Spatial localization data
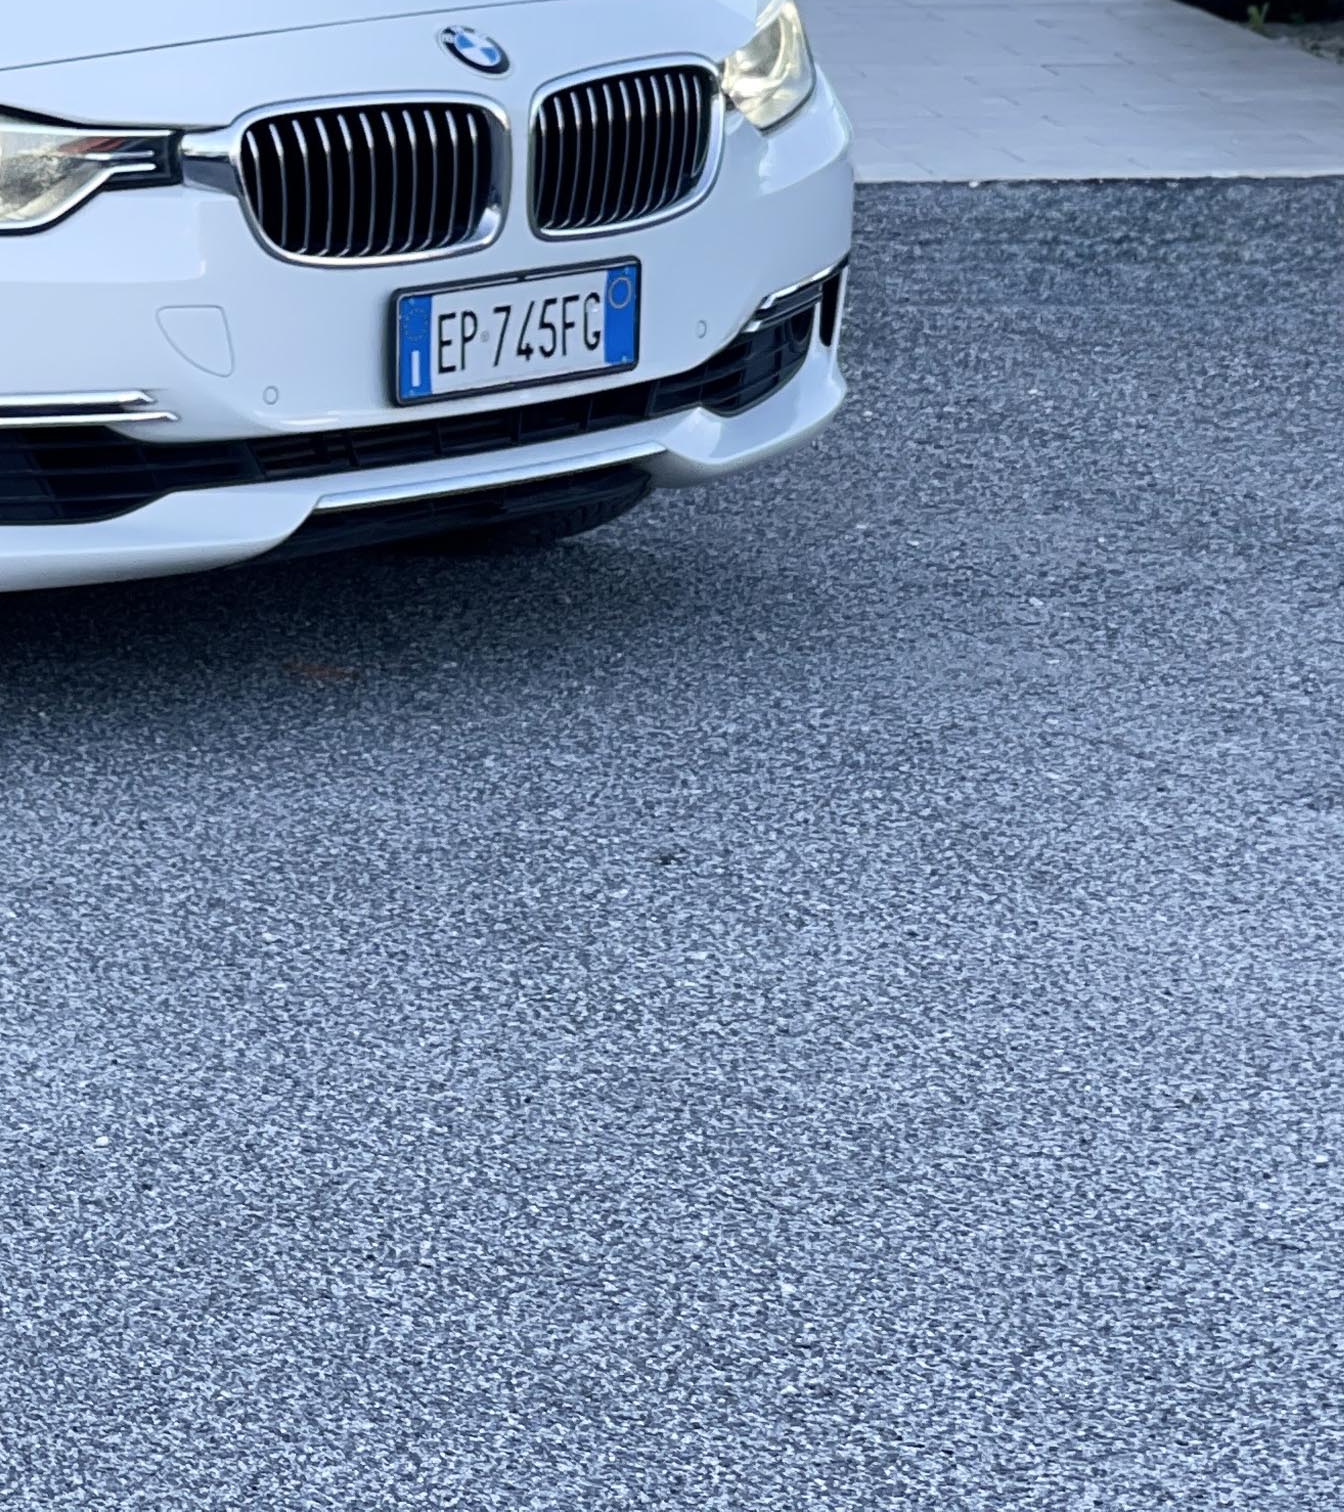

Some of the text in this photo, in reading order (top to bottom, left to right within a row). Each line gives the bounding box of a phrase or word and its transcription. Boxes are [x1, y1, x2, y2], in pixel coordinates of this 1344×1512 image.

[437, 291, 601, 375] EP 745FG
[411, 349, 421, 388] I
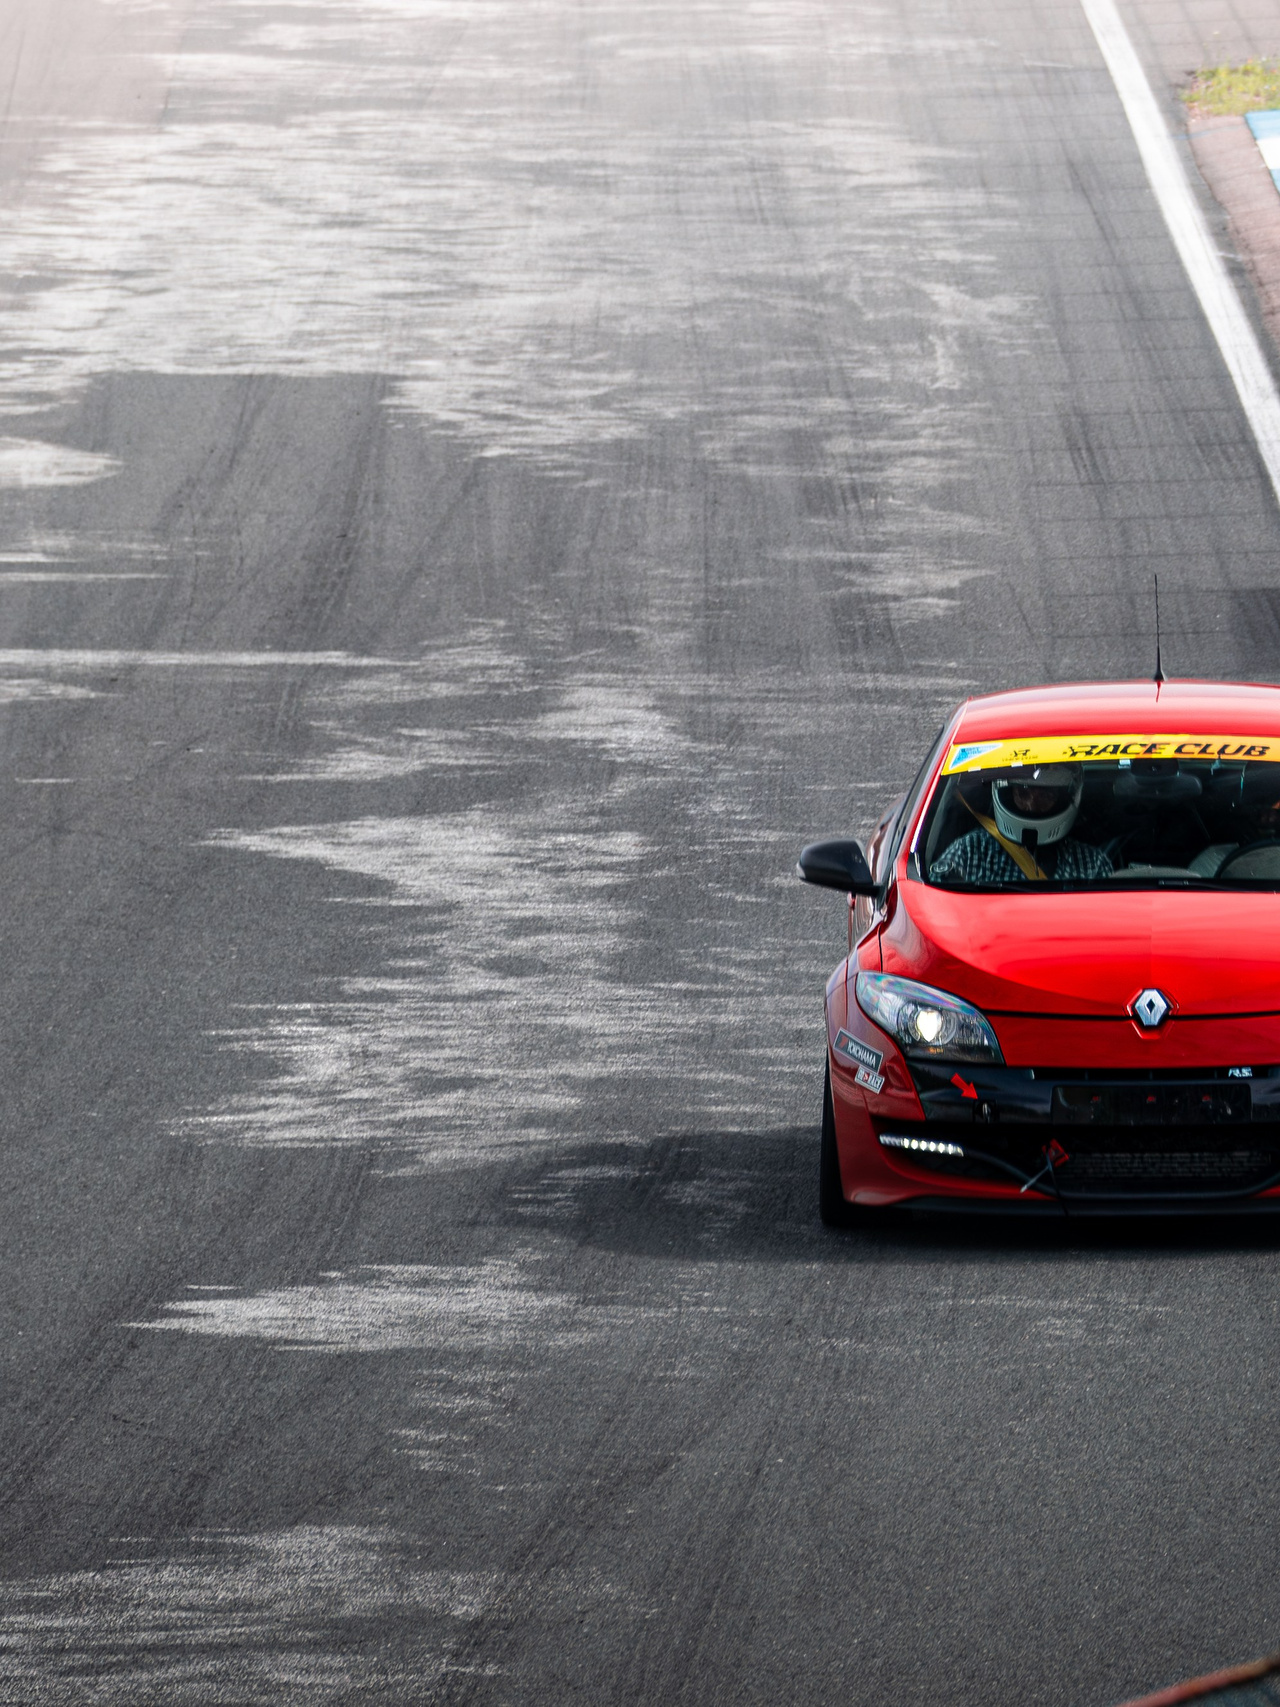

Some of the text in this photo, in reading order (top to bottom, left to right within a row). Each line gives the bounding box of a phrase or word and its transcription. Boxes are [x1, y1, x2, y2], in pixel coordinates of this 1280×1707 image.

[1063, 743, 1170, 758] RACE
[1173, 743, 1270, 757] CLUB
[847, 1039, 876, 1068] YOKOHAMA

=== Description of the task ===
Excluding all pictures, reproduce the records exactly as they appear above.

=== Task output ===
Some of the text in this photo, in reading order (top to bottom, left to right within a row). Each line gives the bounding box of a phrase or word and its transcription. Boxes are [x1, y1, x2, y2], in pixel coordinates of this 1344×1512 image.

[437, 291, 601, 375] EP 745FG
[411, 349, 421, 388] I

Some of the text in this photo, in reading order (top to bottom, left to right within a row). Each line gives the bounding box of a phrase or word and its transcription. Boxes are [x1, y1, x2, y2], in pixel coordinates of this 1280×1707 image.

[1063, 743, 1170, 758] RACE
[1173, 743, 1270, 757] CLUB
[847, 1039, 876, 1068] YOKOHAMA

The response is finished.